Bernoulli and the Foundations of Statistics. Can you correct a 300-year-old error?

Author: Julian Champkin

Ars Conjectandi is not a book that non-statisticians will have heard of, nor one that many statisticians will have heard of either. The title means ‘The Art of Conjecturing’ – which in turn means roughly ‘What You Can Work Out From the Evidence.’ But it is worth statisticians celebrating it, because it is the book that gave an adequate mathematical foundation to their discipline, and it was published 300 years ago this year.

More people will have heard of its author. Jacob Bernouilli was one of a huge mathematical family of Bernoullis. In physics, aircraft engineers base everything they do on Bernoulli’s principle. It explains how aircraft wings give lift, is the basis of fluid dynamics, and was discovered by Jacob’s nephew Daniel Bernoulli.

Just a placeholder image

Jacob Bernoulli (1654-1705)

Johann Bernoulli made important advances in mathematical calculus. He was Jacob’s younger brother – the two fell out bitterly.
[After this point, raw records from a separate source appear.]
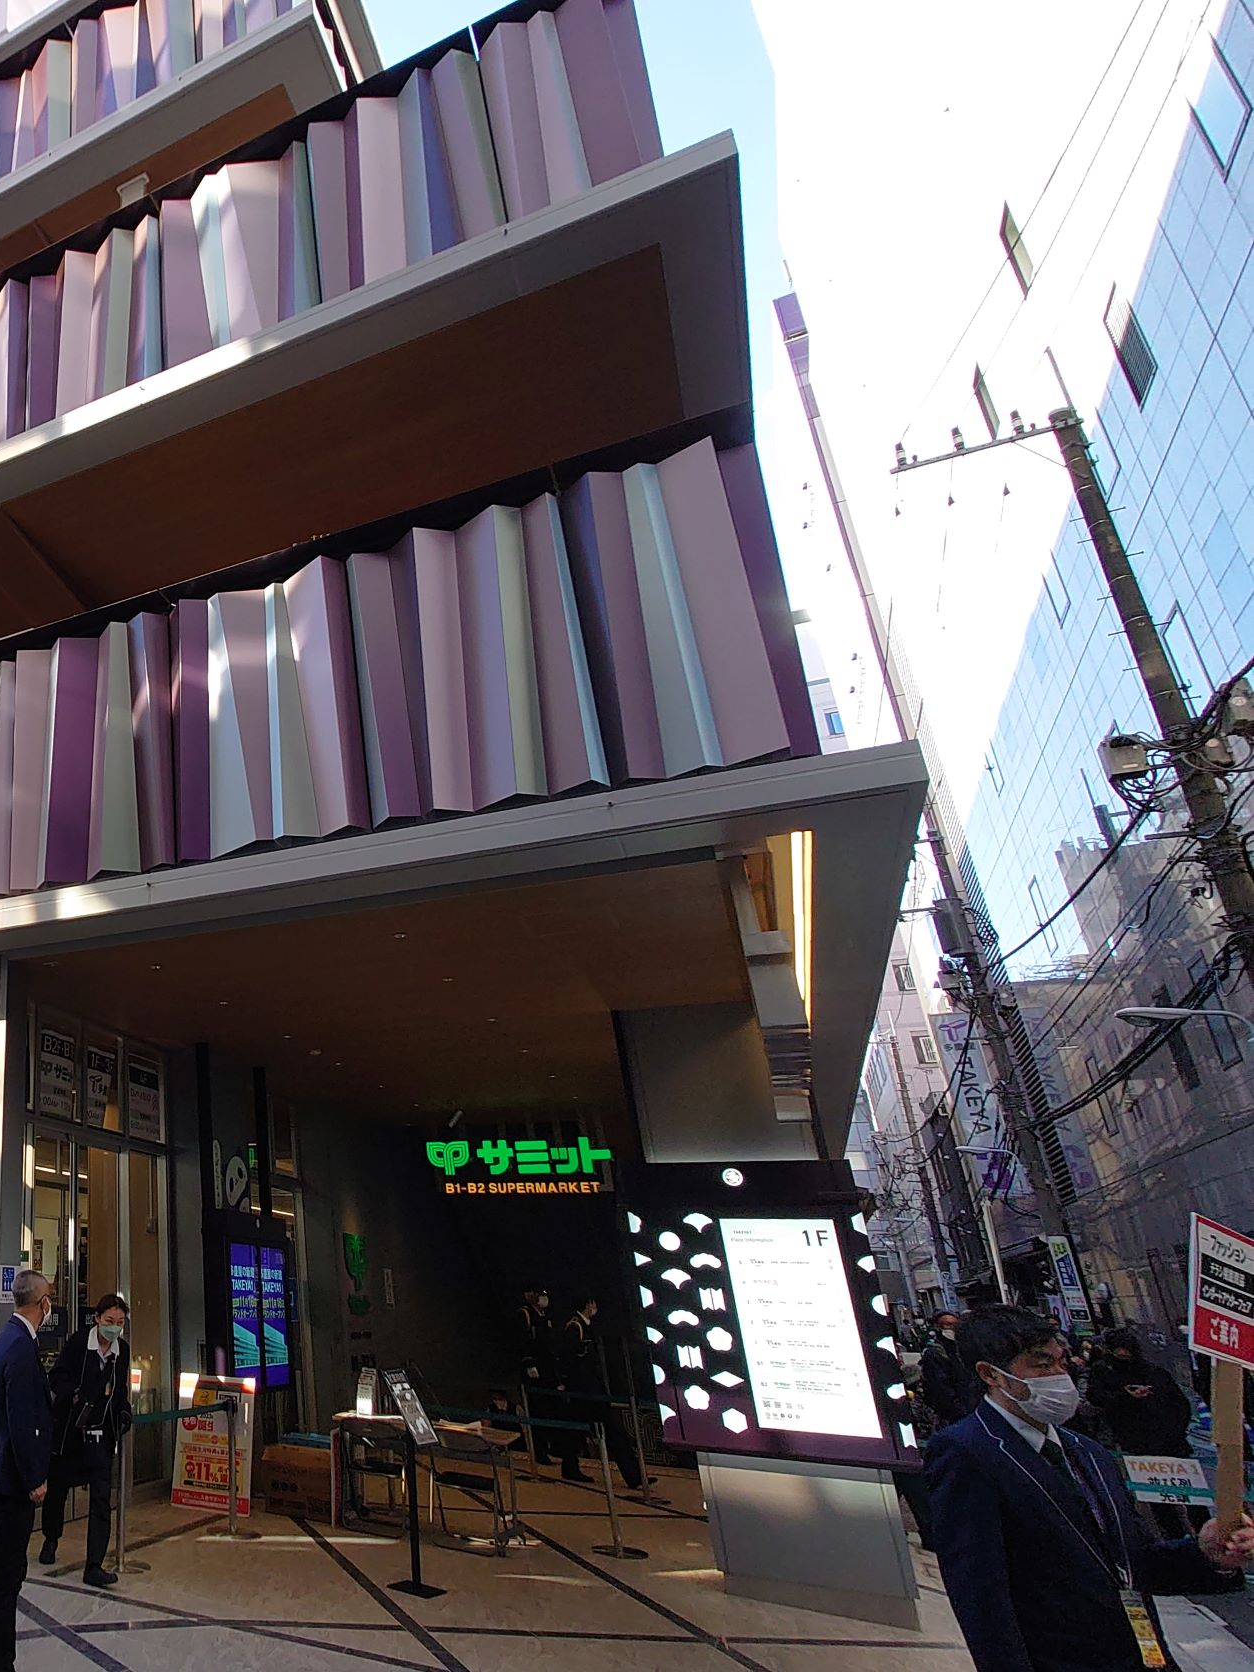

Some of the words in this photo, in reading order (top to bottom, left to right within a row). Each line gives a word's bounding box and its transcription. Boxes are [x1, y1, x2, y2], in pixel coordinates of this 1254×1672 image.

[955, 1057, 992, 1135] TAKEYA
[477, 1137, 612, 1175] サミット
[446, 1183, 486, 1194] B1-B2
[489, 1181, 600, 1194] SUPERMARKET
[802, 1230, 829, 1246] 1F
[1210, 1317, 1239, 1349] ご案内
[1129, 1461, 1187, 1474] TAKEYA
Johann fell out with his fluid-dynamics son Daniel, too, and even falsified the date on a book of his own to try to show that he had discovered the principle first.

But our statistical Bernoulli is Jacob. In the higher reaches of pure mathematics he is loved for Bernoulli numbers, which are fiendishly complicated things which I do not pretend to understand but which apparently underpin number theory. In statistics, his contribution was two-fold: Bernoulli trials are, essentially, coinflips repeated lots of times. Toss a fair coin ten times, and you might well get 6 heads and four tails rather than an exact 5/5 split. Toss 100 times and you are quite unlikely to get 60 heads and 40 tails. The more times you toss the coin, the closer you will get to a 50-50 result.

His second statistical result was more fundamental, though related. Suppose you have an urn with 3000 white pebbles and 2000 black pebbles. You take out a pebble, look at its colour, and return it. Then do it again; and again; and again. After ten times you might guess that there were 2/3 as many black pebbles as white; after 1000 times you might feel a bit more sure of it. Can you do this so often that you become absolutely sure – morally certain, as Bernoulli put it - that the pebbles in the vase were actually in the ratio of 3 to 2? Or would that conclusion forever remain just a conjecture?

Just a placeholder image

Ars Conjectandi, Title page.

Courtesy Gonville and Caius College, Cambridge.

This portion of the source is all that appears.